● **Annotated photo localization data**
━━━━━━

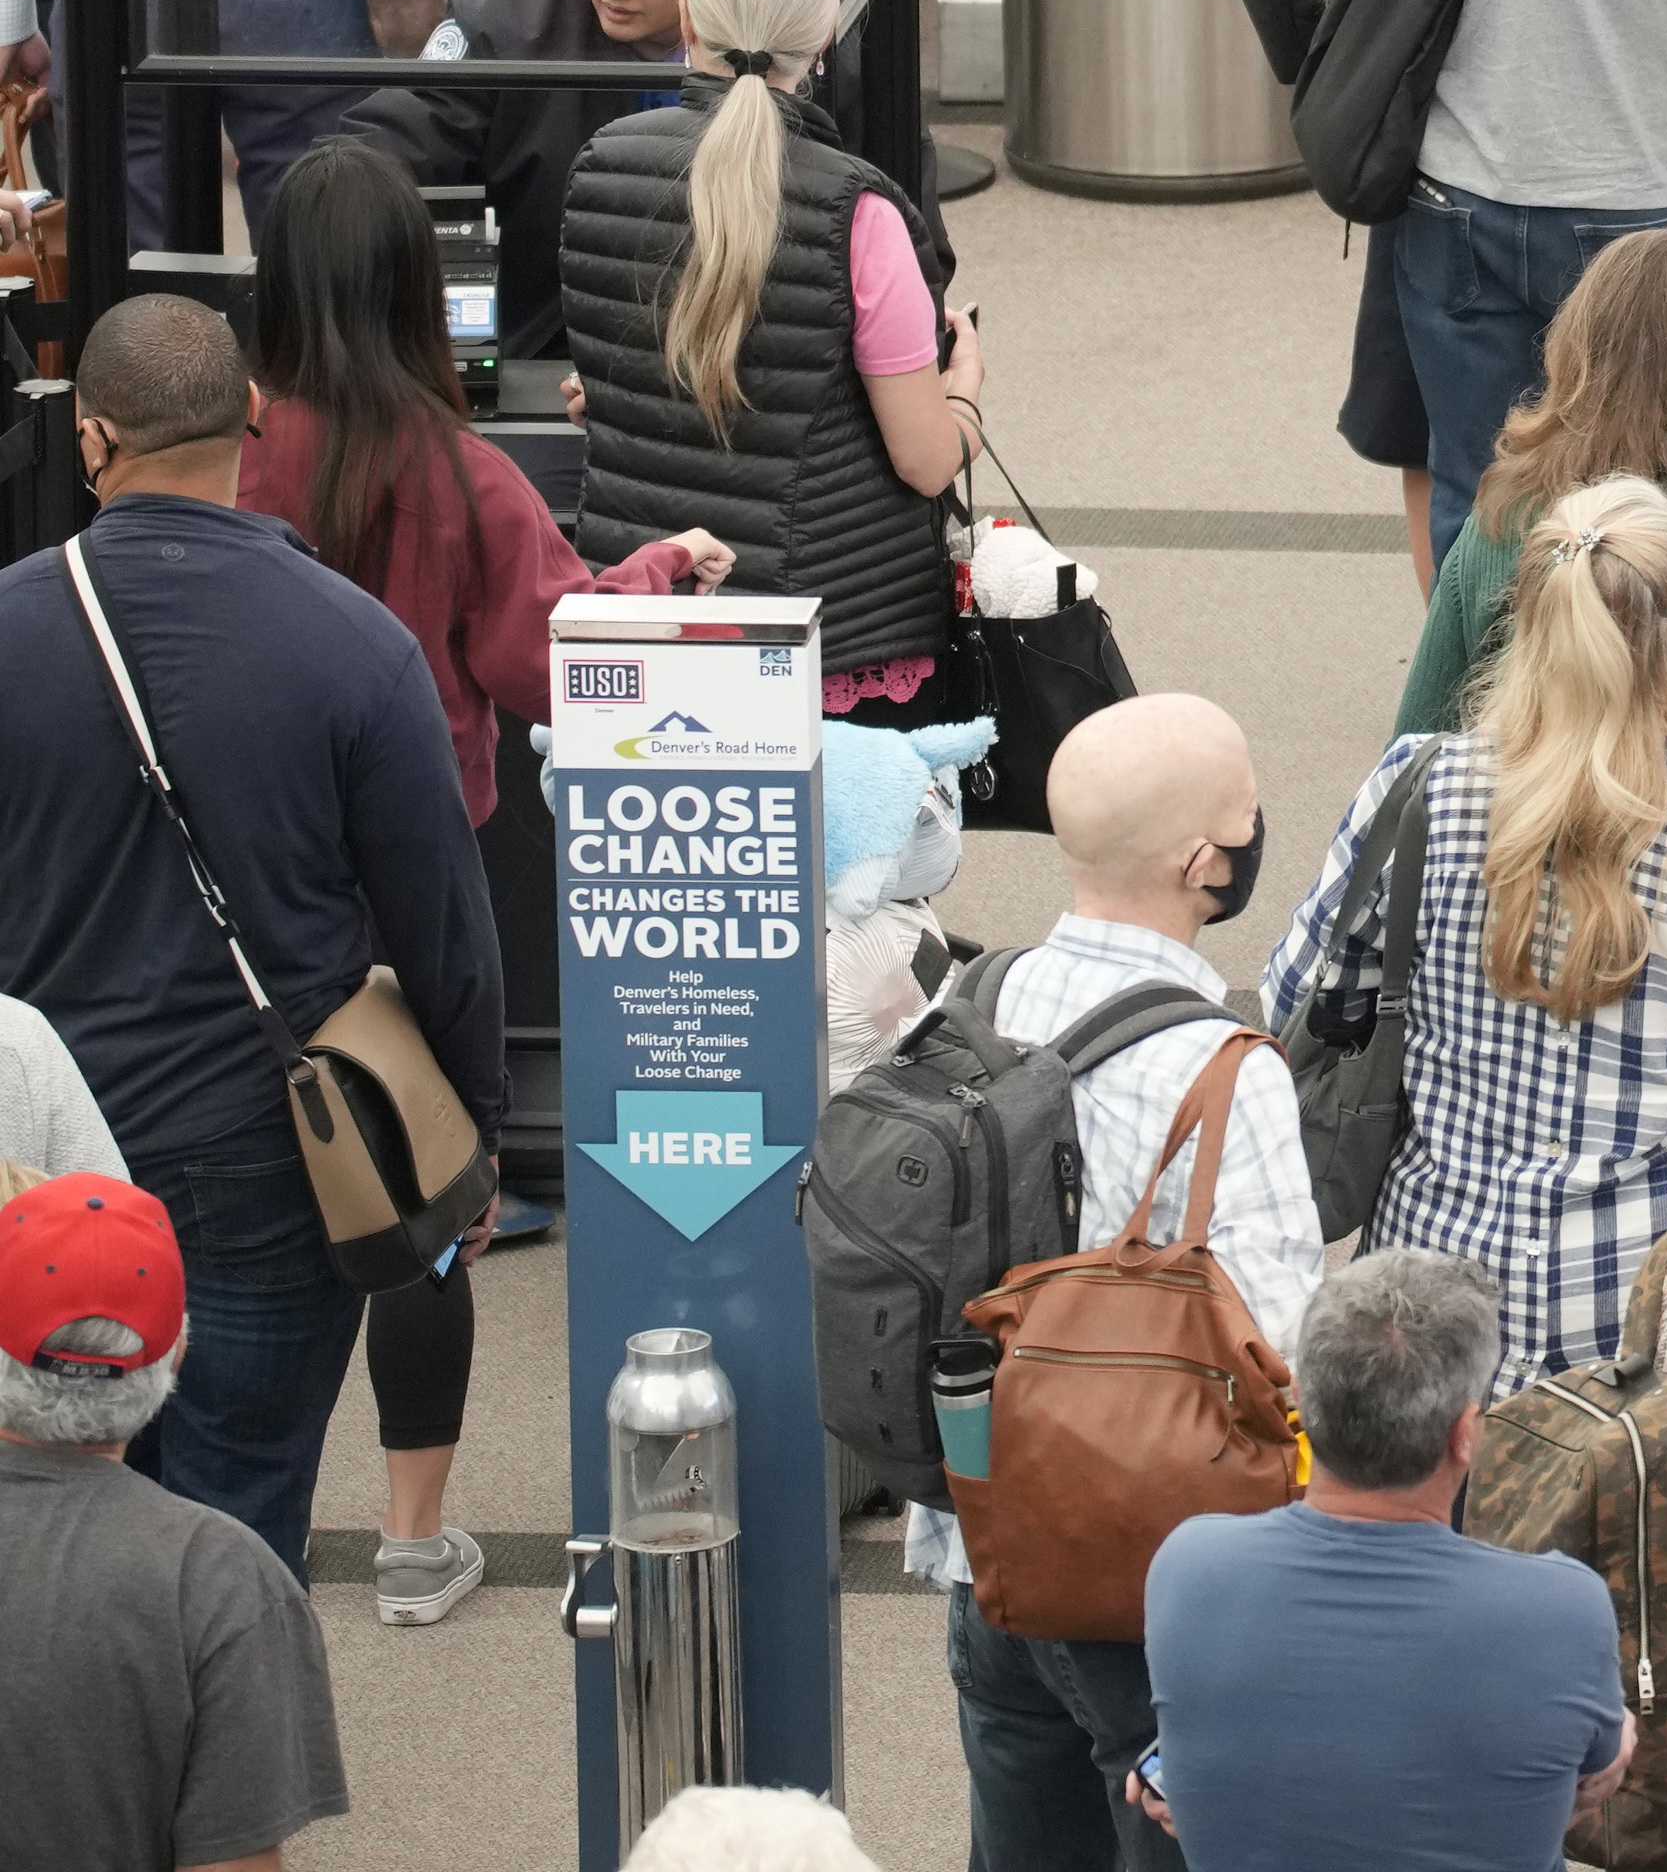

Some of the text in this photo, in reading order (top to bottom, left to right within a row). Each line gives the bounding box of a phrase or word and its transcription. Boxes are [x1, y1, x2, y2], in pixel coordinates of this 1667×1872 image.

[434, 227, 459, 235] ENTA
[760, 665, 793, 676] DEN
[580, 666, 628, 697] USO
[651, 740, 797, 755] Denver's Road Home
[568, 785, 796, 832] LOOSE
[567, 835, 798, 876] CHANGE
[568, 888, 799, 913] CHANGES THE
[569, 916, 801, 960] WORLD
[668, 970, 704, 985] Help
[613, 986, 760, 1001] Denver's Homeless,
[619, 1001, 754, 1017] Travelers in Need,
[673, 1017, 702, 1030] and
[626, 1033, 749, 1049] Military Families
[649, 1049, 726, 1063] With Your
[635, 1066, 742, 1081] Loose Change
[628, 1131, 752, 1166] HERE

━━━━━━

● **Work instructions**
Return the entries verbatim, pictures excluded.

● **Output for this exercise**
Some of the text in this photo, in reading order (top to bottom, left to right within a row). Each line gives the bounding box of a phrase or word and its transcription. Boxes are [x1, y1, x2, y2], in pixel coordinates of this 1667×1872 image.

[434, 227, 459, 235] ENTA
[760, 665, 793, 676] DEN
[580, 666, 628, 697] USO
[651, 740, 797, 755] Denver's Road Home
[568, 785, 796, 832] LOOSE
[567, 835, 798, 876] CHANGE
[568, 888, 799, 913] CHANGES THE
[569, 916, 801, 960] WORLD
[668, 970, 704, 985] Help
[613, 986, 760, 1001] Denver's Homeless,
[619, 1001, 754, 1017] Travelers in Need,
[673, 1017, 702, 1030] and
[626, 1033, 749, 1049] Military Families
[649, 1049, 726, 1063] With Your
[635, 1066, 742, 1081] Loose Change
[628, 1131, 752, 1166] HERE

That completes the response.